Um homem com o qual compartilharia seus sonhos, um homem que despertaria nela as emoções mais intensas e a acompanharia pelo mundo lhe ensinando suas maravilhas, absorvendo cada imagem e som. Um dia, tudo mudaria.
Quando esse dia chegou, não teve nada haver com o que ela tinha esperado.
Rosalie quase nunca encontrava tempo para conversar a sós com sua mãe Amille, mas quando surgia uma oportunidade, ambas a apreciavam e desfrutavam com prazer. A sua relação era bem especial, já que podiam falar não só como mãe e filha, mas também como amigas. Amille era a pessoa mais importante no mundo de Rosalie, e entendia as necessidades, perguntas, anseios e medos de sua única filha embora fossem muito diferentes dos seus próprios. 

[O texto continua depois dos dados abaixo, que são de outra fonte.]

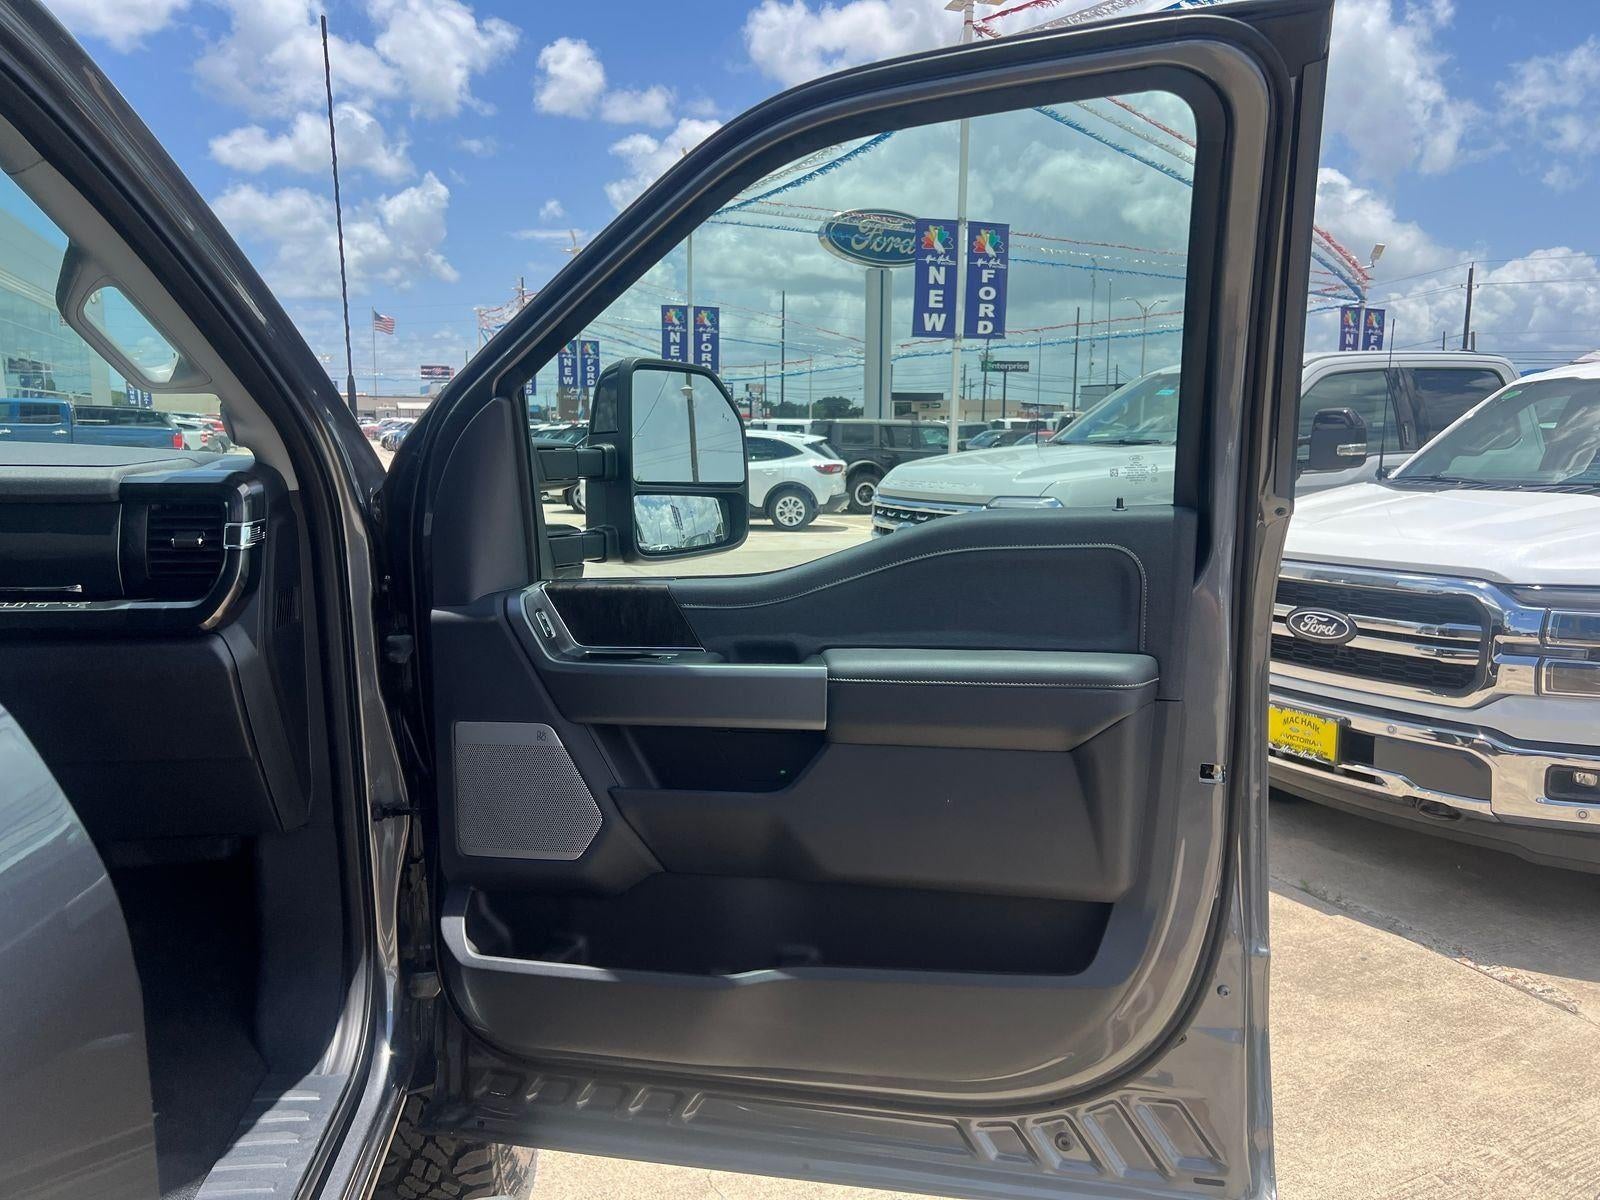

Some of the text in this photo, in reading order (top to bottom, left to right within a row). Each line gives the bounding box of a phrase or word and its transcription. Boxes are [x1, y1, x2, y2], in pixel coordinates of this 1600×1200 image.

De aspeto eram muito parecidas, duas mulheres miúdas e morenas, mas muito diferentes por dentro. Amille via a vida com um enfoque pragmático, enquanto que Rosalie era uma idealista, e quando fez vinte anos compreendeu de forma intuitiva que as causas de suas diferenças estavam além da idade e da experiência.
Amille era estável como uma rocha e amava a ordem. Embora instruída, necessitava de imaginação, enquanto que as emoções e os pensamentos de sua filha sempre pareciam levantar voo ou despencar no precipício.
 Por muito que Rosalie se esforçasse em controlar suas ânsias pouco ortodoxas, sabia que estava condenada pela vida a procurar emoções fortes e dar rédea solta a seus sentimentos.